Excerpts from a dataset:
--- START ---

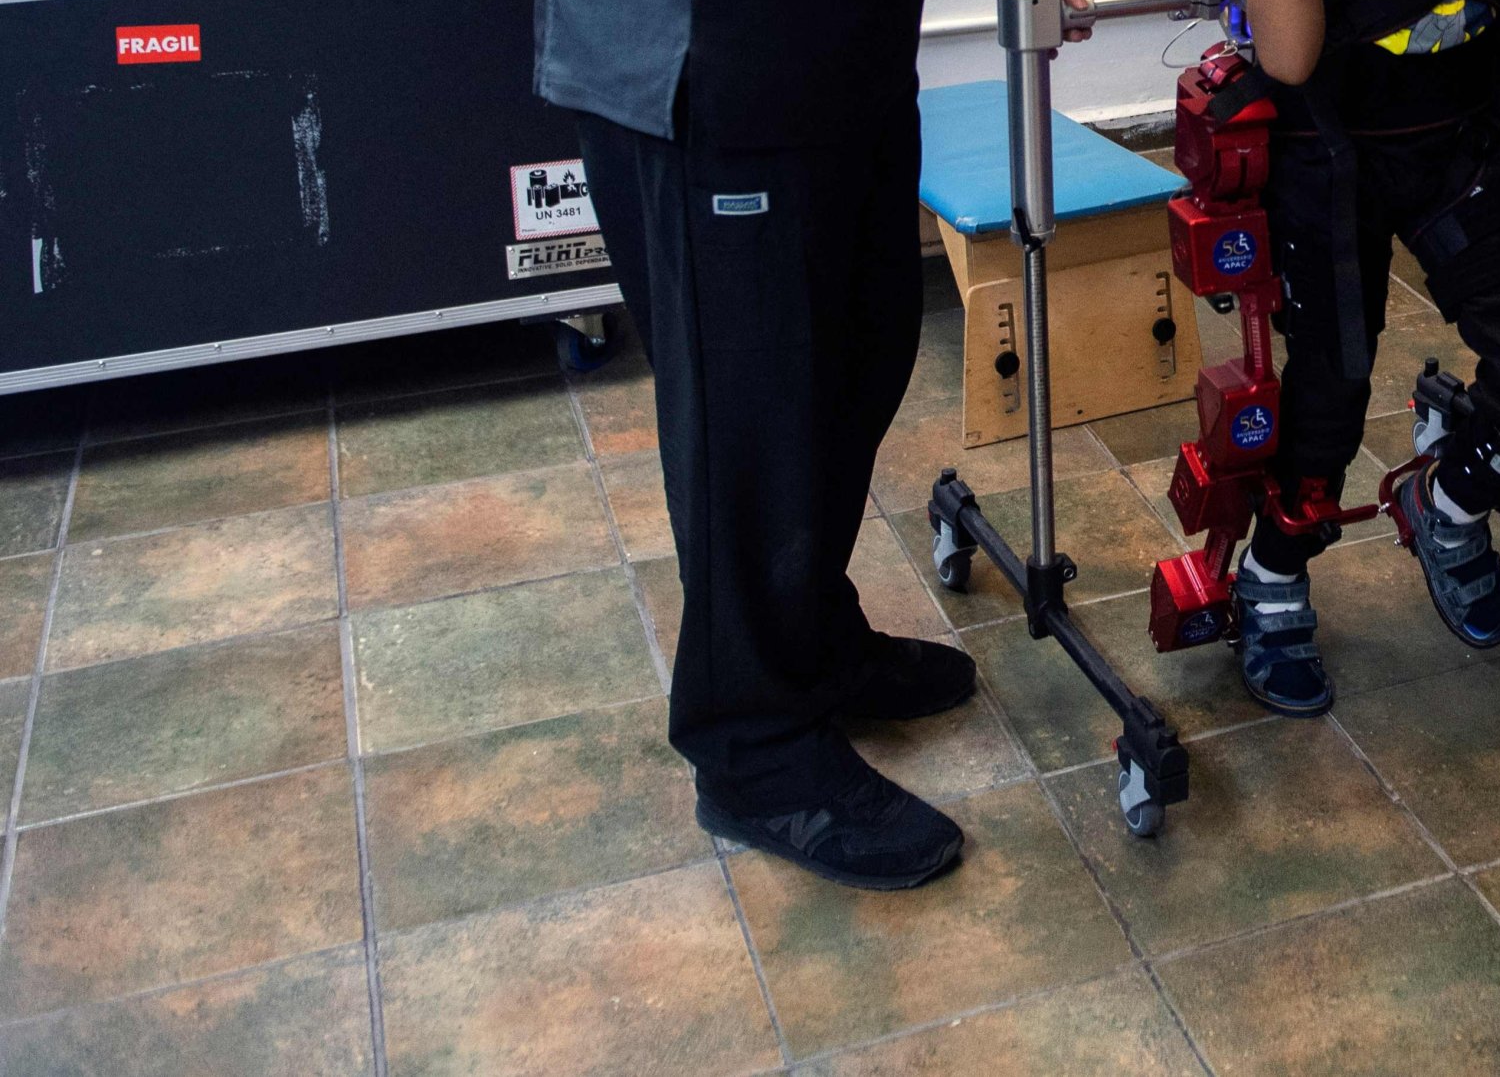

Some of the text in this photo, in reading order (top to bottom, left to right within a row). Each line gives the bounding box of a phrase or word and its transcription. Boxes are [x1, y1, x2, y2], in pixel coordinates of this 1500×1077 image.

[118, 35, 200, 55] FRAGIL
[535, 207, 581, 220] UN 3481
[1224, 261, 1246, 270] APAC
[1242, 434, 1264, 444] APAC

--- END ---

Your assignment:
Exclude the images, then output the data above word for word.

Task output:
Some of the text in this photo, in reading order (top to bottom, left to right within a row). Each line gives the bounding box of a phrase or word and its transcription. Boxes are [x1, y1, x2, y2], in pixel coordinates of this 1500×1077 image.

[118, 35, 200, 55] FRAGIL
[535, 207, 581, 220] UN 3481
[1224, 261, 1246, 270] APAC
[1242, 434, 1264, 444] APAC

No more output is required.